Images for object localization ::

----------------------------------------

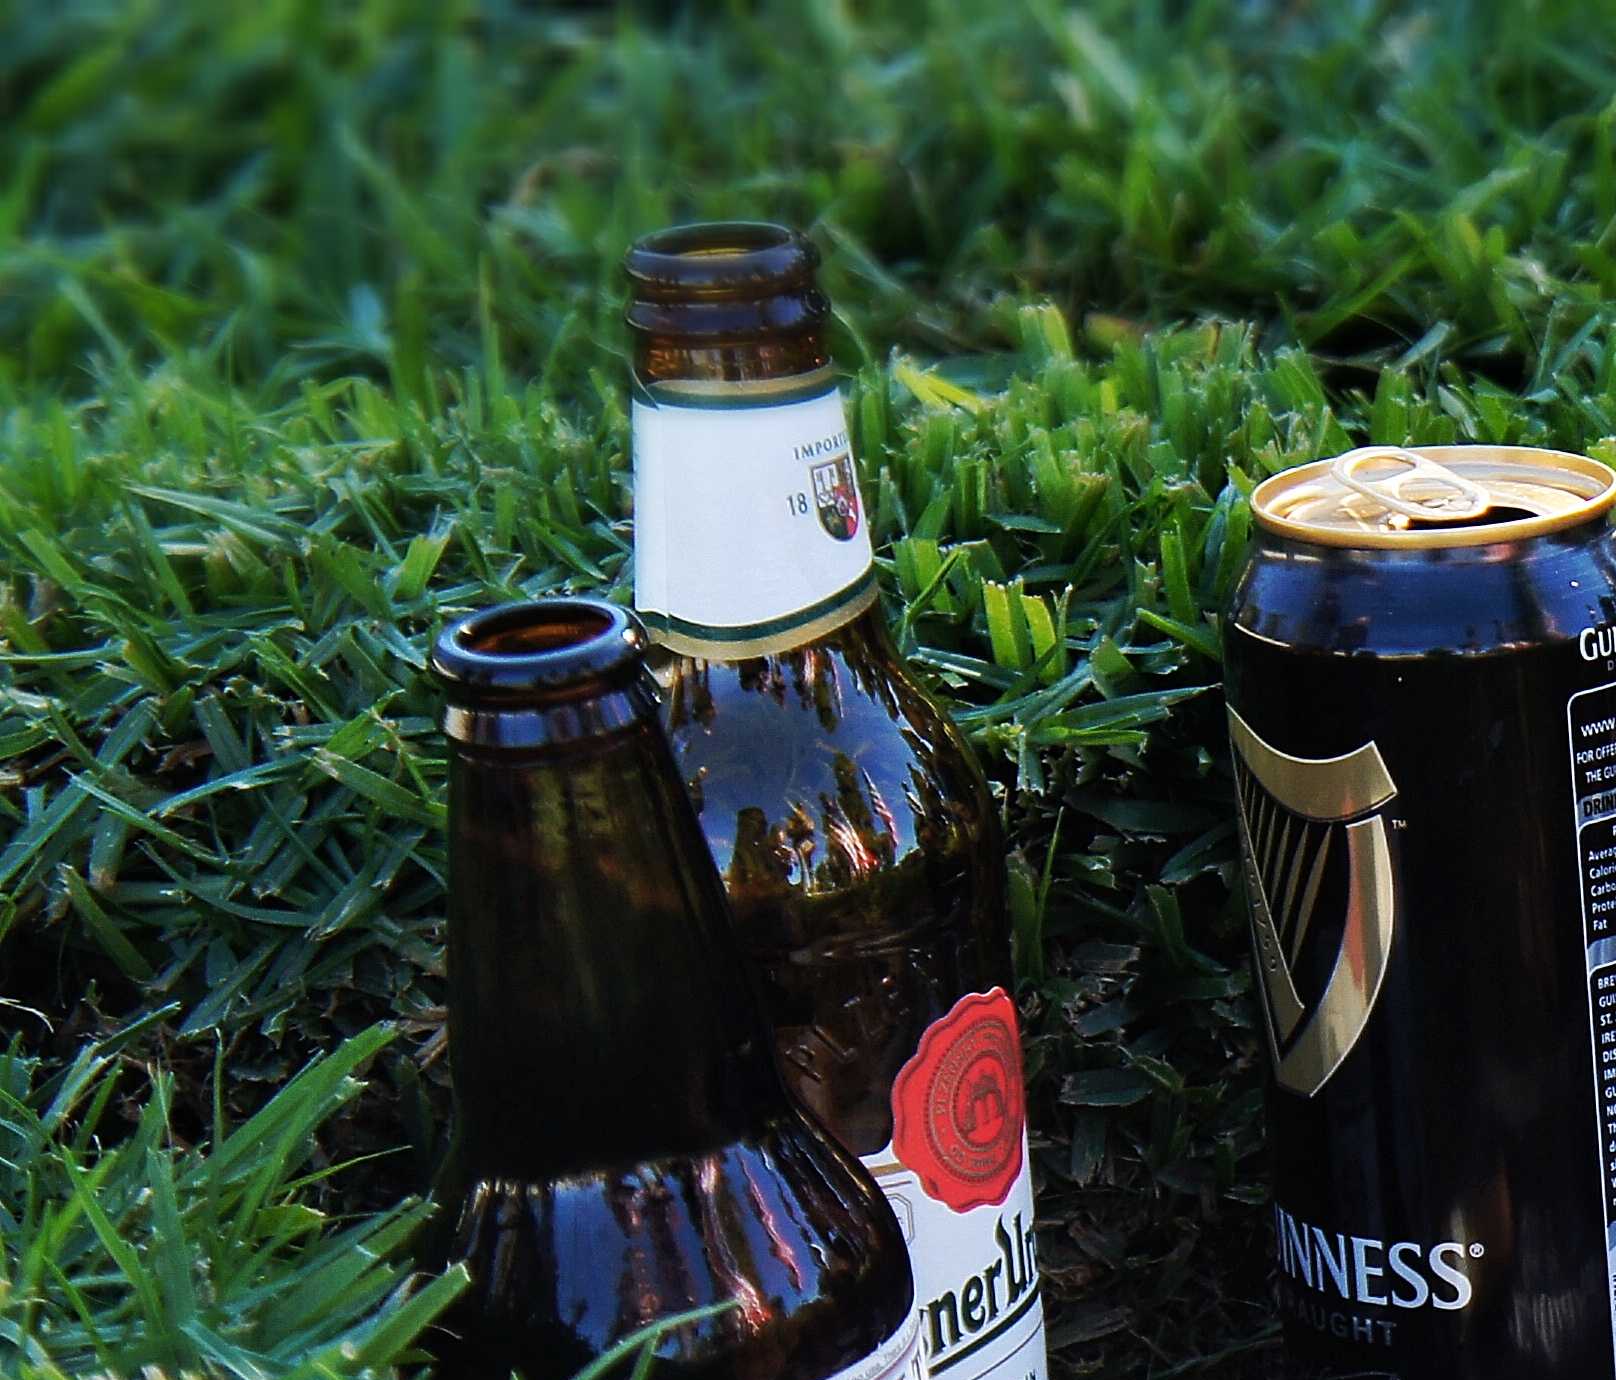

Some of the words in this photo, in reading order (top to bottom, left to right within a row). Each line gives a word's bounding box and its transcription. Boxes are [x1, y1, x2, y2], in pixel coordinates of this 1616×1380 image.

[785, 493, 808, 516] 18
[1585, 769, 1602, 783] THE
[1593, 919, 1608, 931] Fat
[1276, 1204, 1473, 1310] INNESS

----------------------------------------

Description of the task :: Would you set down the entries exactly as given, minus their pictures?

Your response ::
Some of the words in this photo, in reading order (top to bottom, left to right within a row). Each line gives a word's bounding box and its transcription. Boxes are [x1, y1, x2, y2], in pixel coordinates of this 1616×1380 image.

[785, 493, 808, 516] 18
[1585, 769, 1602, 783] THE
[1593, 919, 1608, 931] Fat
[1276, 1204, 1473, 1310] INNESS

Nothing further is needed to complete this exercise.